The Franchise Marketing Systems niche is focused on what Conner and George term strategic partnership with brands that are transitioning their growth plans into franchising.  “It’s a lot like a partnership, but no strings attached,” Conner explained.  We don’t have long-term contracts – they are in fact, month to month, we don’t take equity and we just try to do what’s best for the client in every scenario.”

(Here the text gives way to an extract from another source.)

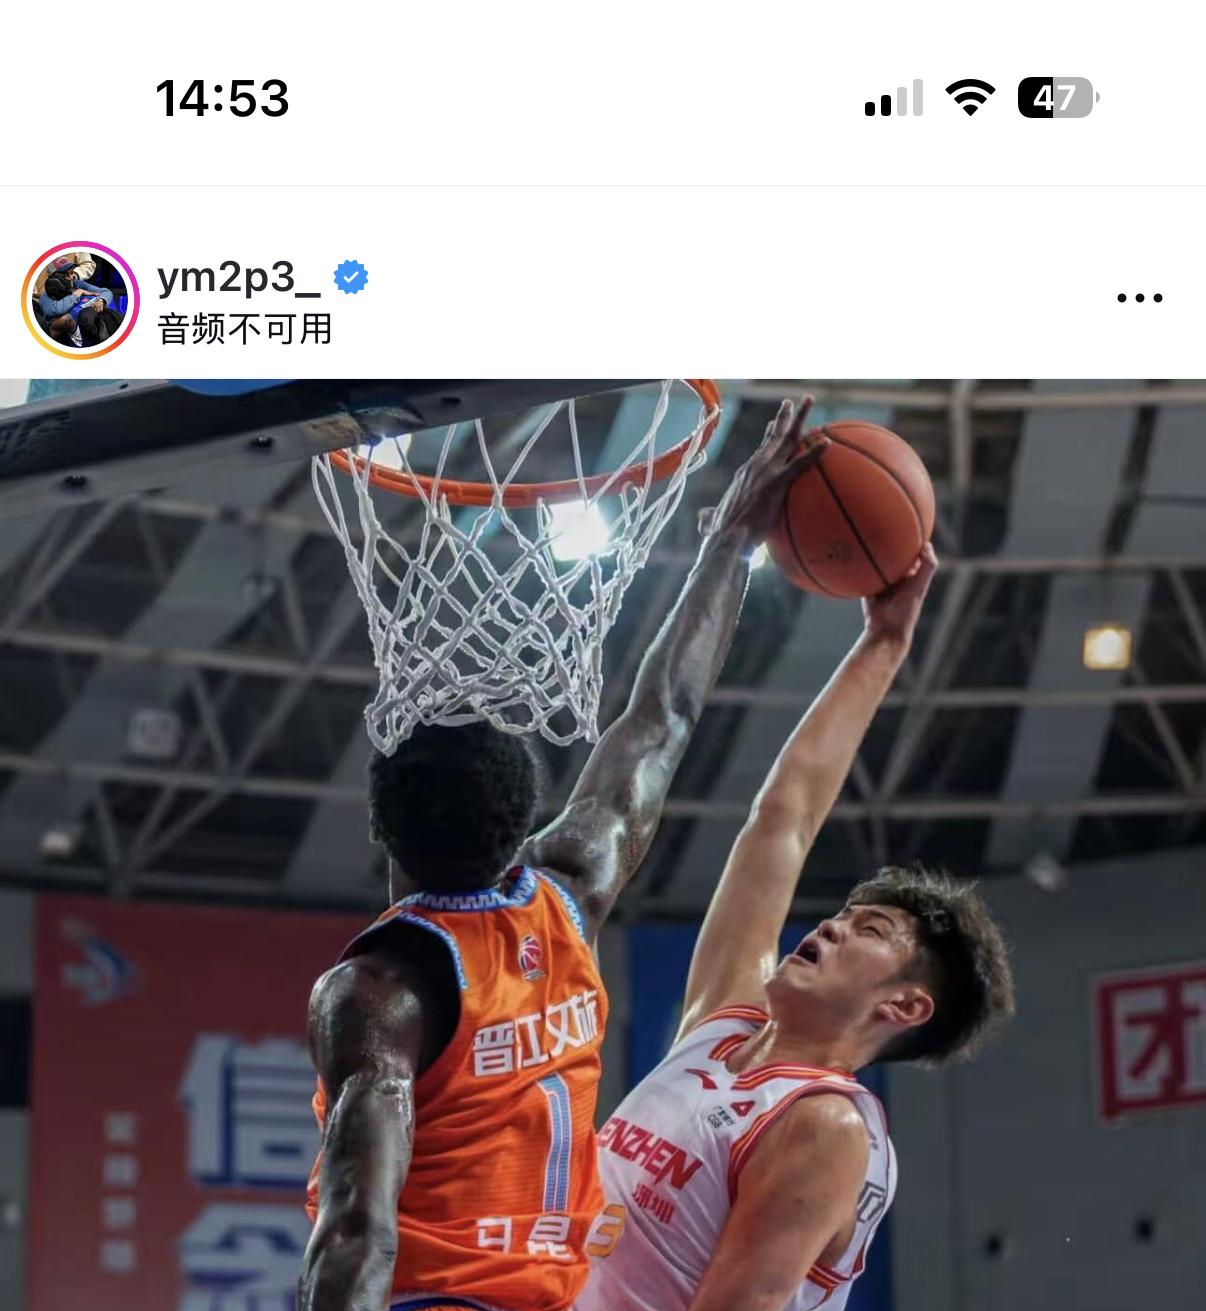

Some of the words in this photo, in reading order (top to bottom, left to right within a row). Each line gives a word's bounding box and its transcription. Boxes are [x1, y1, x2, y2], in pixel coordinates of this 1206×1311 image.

A lot of our compensation is based on results of the franchise development work we do together, so it makes it easy for business owners to understand how we are on the same team as we enter into a working relationship together.  “In the traditional sense we are ‘Franchise Businesses’, but the niche is that we’ve taken what once was a transaction relationship and made it a strategic partnership. “

The principals of Franchise Marketing Systems bring extensive access to extensive experience for the potential restaurant concept looking to franchise.  “Over the years, both Alan and I have worked with a wide variety of brands, some of which had exceeded 1,000, 2,000 or even 3,000 locations which is an incredible feat,” Conner said.  So many times, brands will hit a point in their growth where the leadership is tested and the original founder’s ability to take the brand forward probably can’t make the leap from one benchmark to another.”

Conner also offers unique insight into what the characteristics are of the truly iconic restaurant brands and is able to bring that to each of our Franchise Marketing’s clients. “McDonald’s has exceeded 35k units, Wendy’s 6,500 and Burger King over 16k locations and all three have global representation,” Conner noted.  “These are incredible brands that all rode the same industry wave of growth in the burger segment, of course led by McDonald’s so there might have been some market favor on their side.  But what makes these brands so incredible, is that they all withstood the test of time and passed so many of the potential pitfalls for long-term brand growth that others can’t seem to get past.”

“The great ones have the foresight to understand this and bring in the right people, make the right strategic decisions and steer the brand forward.  These three brands not only revolutionized the restaurant market, but the entire business mindset, they were really the first to capitalize on franchising in an enormously scaled way and show the power of franchising a concept.”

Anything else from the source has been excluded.